(DATASET EXTRACT Opens)
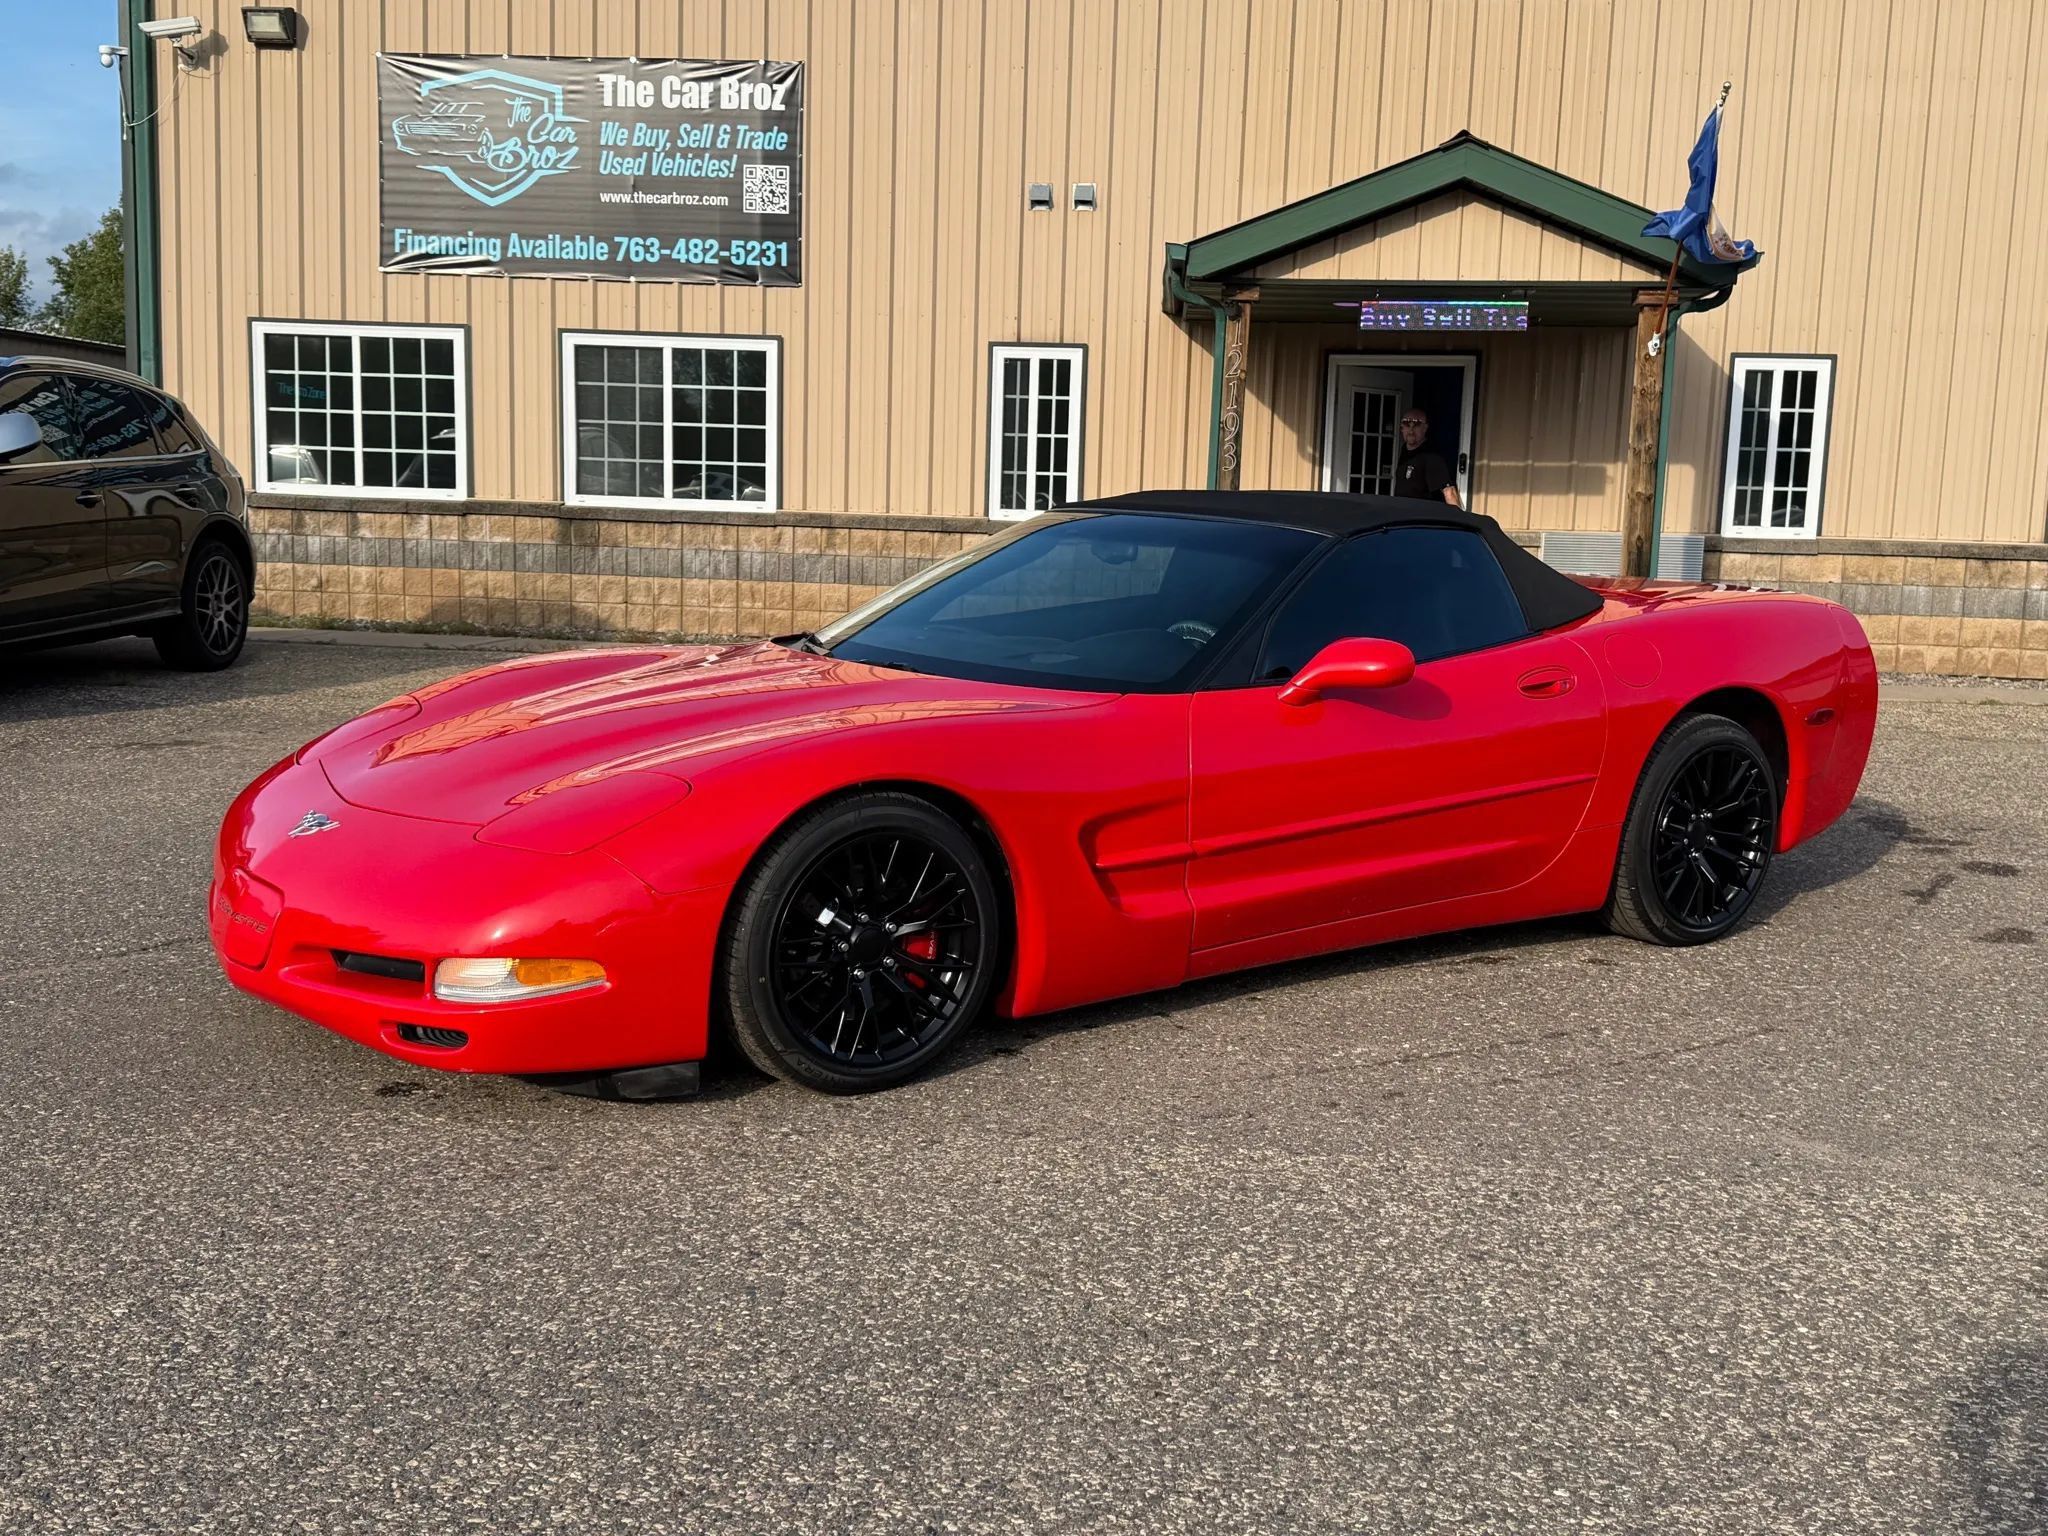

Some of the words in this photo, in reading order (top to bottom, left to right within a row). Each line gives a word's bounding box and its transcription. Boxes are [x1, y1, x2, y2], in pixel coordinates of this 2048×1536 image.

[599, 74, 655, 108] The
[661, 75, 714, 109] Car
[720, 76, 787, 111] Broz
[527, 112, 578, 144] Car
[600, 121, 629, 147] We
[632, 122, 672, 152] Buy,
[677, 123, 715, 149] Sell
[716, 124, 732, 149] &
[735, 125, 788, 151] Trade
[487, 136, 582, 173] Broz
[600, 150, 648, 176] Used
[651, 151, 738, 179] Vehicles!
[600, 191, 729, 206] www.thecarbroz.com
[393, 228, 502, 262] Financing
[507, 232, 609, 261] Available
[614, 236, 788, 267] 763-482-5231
(DATASET EXTRACT Closes)
- **ABOUT THIS TASK**: The answer must be an exact copy of the entries, with the pictures omitted.

- **RESPONSE FOR THIS EXERCISE**:
Some of the words in this photo, in reading order (top to bottom, left to right within a row). Each line gives a word's bounding box and its transcription. Boxes are [x1, y1, x2, y2], in pixel coordinates of this 2048×1536 image.

[599, 74, 655, 108] The
[661, 75, 714, 109] Car
[720, 76, 787, 111] Broz
[527, 112, 578, 144] Car
[600, 121, 629, 147] We
[632, 122, 672, 152] Buy,
[677, 123, 715, 149] Sell
[716, 124, 732, 149] &
[735, 125, 788, 151] Trade
[487, 136, 582, 173] Broz
[600, 150, 648, 176] Used
[651, 151, 738, 179] Vehicles!
[600, 191, 729, 206] www.thecarbroz.com
[393, 228, 502, 262] Financing
[507, 232, 609, 261] Available
[614, 236, 788, 267] 763-482-5231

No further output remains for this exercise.